I want to throw out some caution here. The tri-linear Hamiltonian is not derived from first principles (that is, from a quantum theory of gravity). It is a "guess" at what the interaction term between quantized black hole modes and radiation modes might look like. The guess is good enough that it reproduces standard CSQFT in the semi-classical limit, but it is still a guess. But it is also very satisfying that such a guess allows you to perfrom a straightforward calculation of black hole entropy as a function of time, showing that the entropy can actually get back out. One of the big paradoxes of black hole physics was always that as the black hole mass shrunk, all calculations implied that the entanglement entropy steadily increases and never turns over as in Page's calculation. This was not a tenable situation for a number of physical reasons (and this is such a long post that I will spare you these). We have now provided a way in which this can happen. 
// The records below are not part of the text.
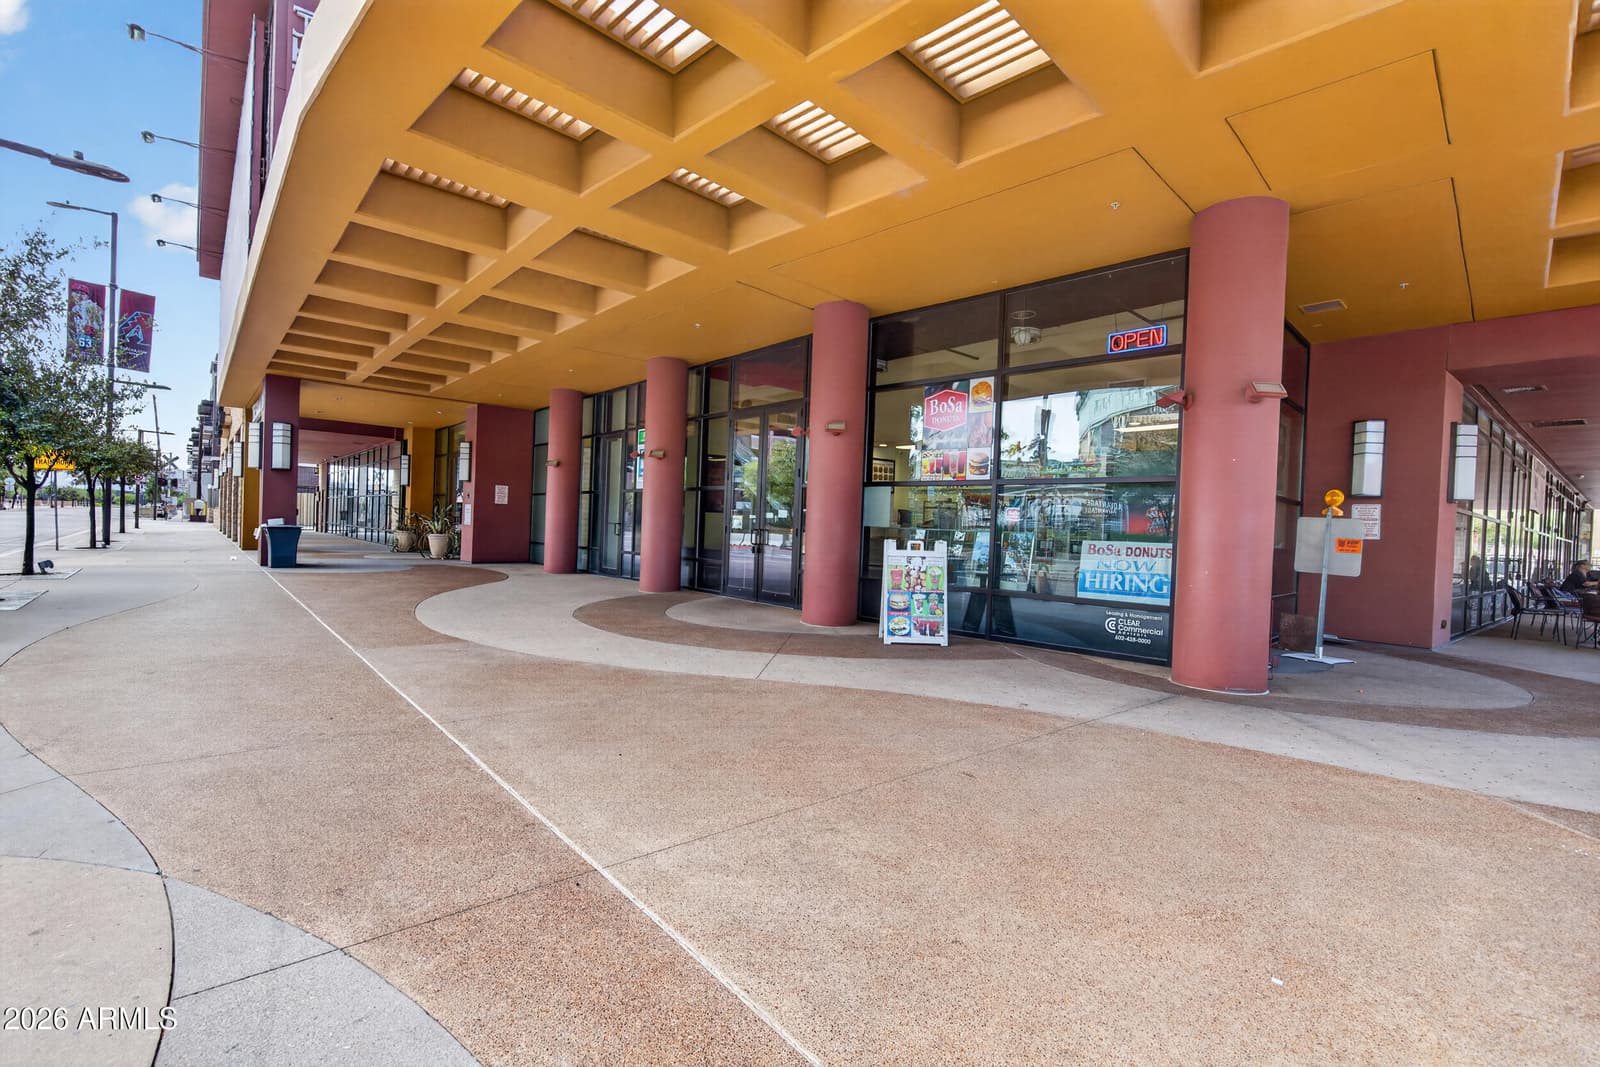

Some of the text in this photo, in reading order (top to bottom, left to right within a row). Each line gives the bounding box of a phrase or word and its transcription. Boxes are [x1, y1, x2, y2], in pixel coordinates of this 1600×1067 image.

[79, 337, 92, 348] 63
[1111, 327, 1163, 351] OPEN
[930, 396, 963, 416] BoSa
[1087, 543, 1173, 559] BoSa DONUTS
[1096, 559, 1157, 572] NOW
[1085, 571, 1169, 594] HIRING
[1118, 618, 1141, 627] CLEAR
[1117, 624, 1164, 636] Commercial
So now you have seen with your own eyes what may happen to a black hole as it evaporates. The entropy can indeed decrease, and within a simple "extended Hawking theory", all of it gets out. This entropy is not information mind you, as there is no information in a black hole unless you throw some in it (see my series "What is Information?" if this is cryptic for you). But Steve Giddings convinced me (on the beach at Vieques no less, see photo below) that solving the infomation paradox was not enough: you've got to solve the entropy paradox also. 

A quantum gravity session at the beach in Vieques, Puerto Rico (January 2014). Steve Giddings is in sunglasses watching me explain stimulated emission in black holes. 
I should also note that there is a lesson in this calculation for the firewall folks (who were quite vocal at the Vieques meeting). Because the entanglement between the black hole and radiation involves three entities rather than two, monogamy of entanglement can never be violated, so this argument provides another (I have shown you two others in earlier posts) arguments against those silly firewalls.
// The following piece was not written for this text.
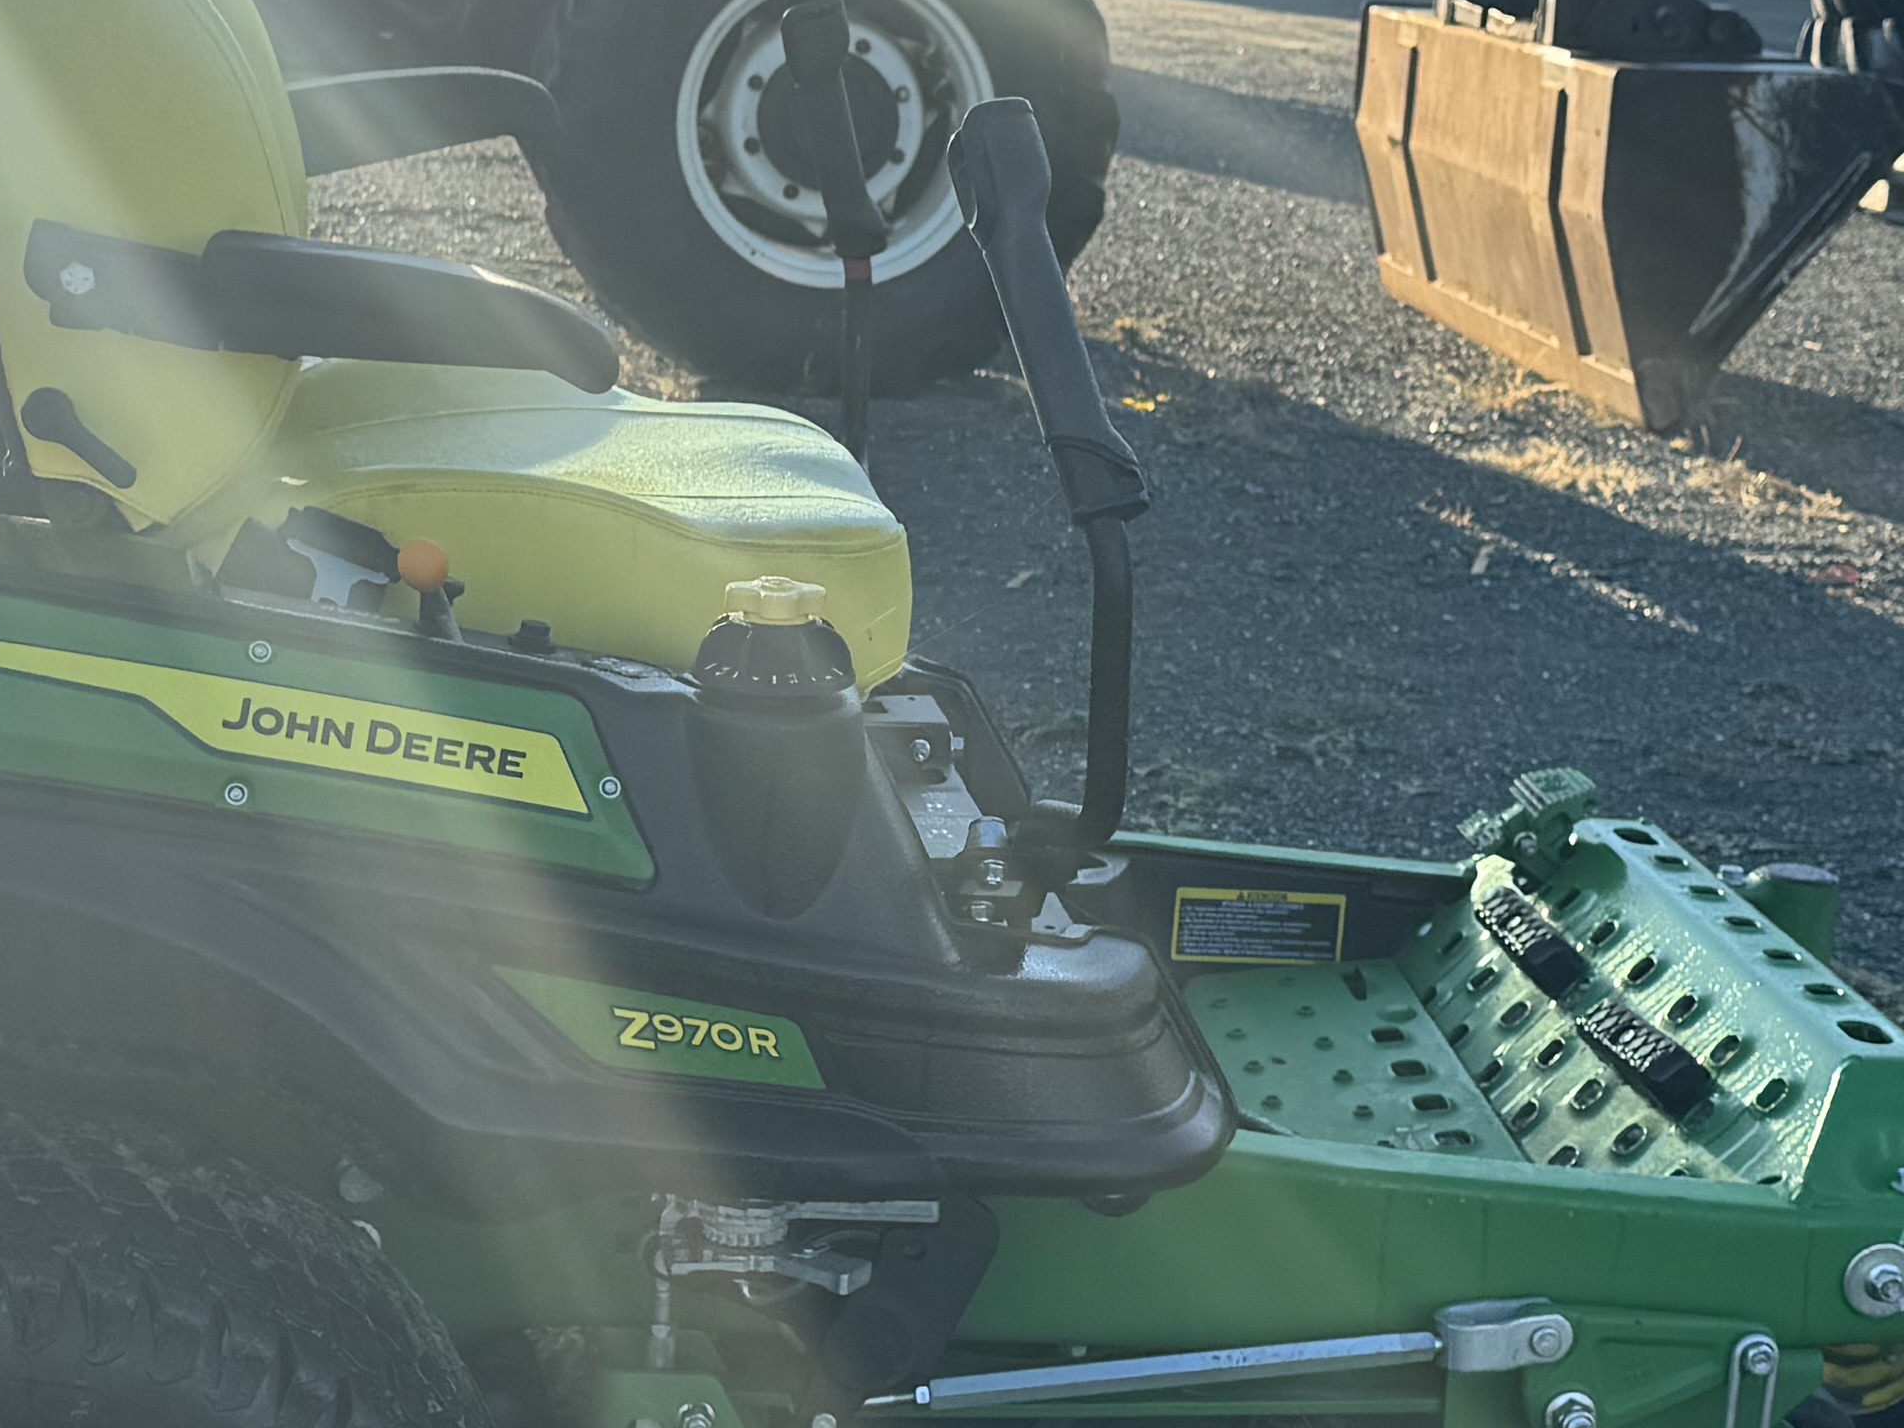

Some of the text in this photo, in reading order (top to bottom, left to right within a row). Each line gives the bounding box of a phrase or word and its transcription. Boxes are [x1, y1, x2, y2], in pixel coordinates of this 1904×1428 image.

[221, 695, 527, 781] JOHN DEERE
[609, 1005, 781, 1060] Z970R
[1] Don Page. Average entropy of a subystem. Phys. Rev. Lett. 71 (1993) 1291.

Note added: The paper describing these results appeared in the journal Physical Review Letters:

K. Brádler and C. Adami: One-shot decoupling and Page curves from a dynamical model for black hole evaporation. Phys. Rev. Lett. 116 (2016) 101301.

You can also find it on arXiv: One-shot decoupling and Page curves from a dynamical model for black hole evaporation.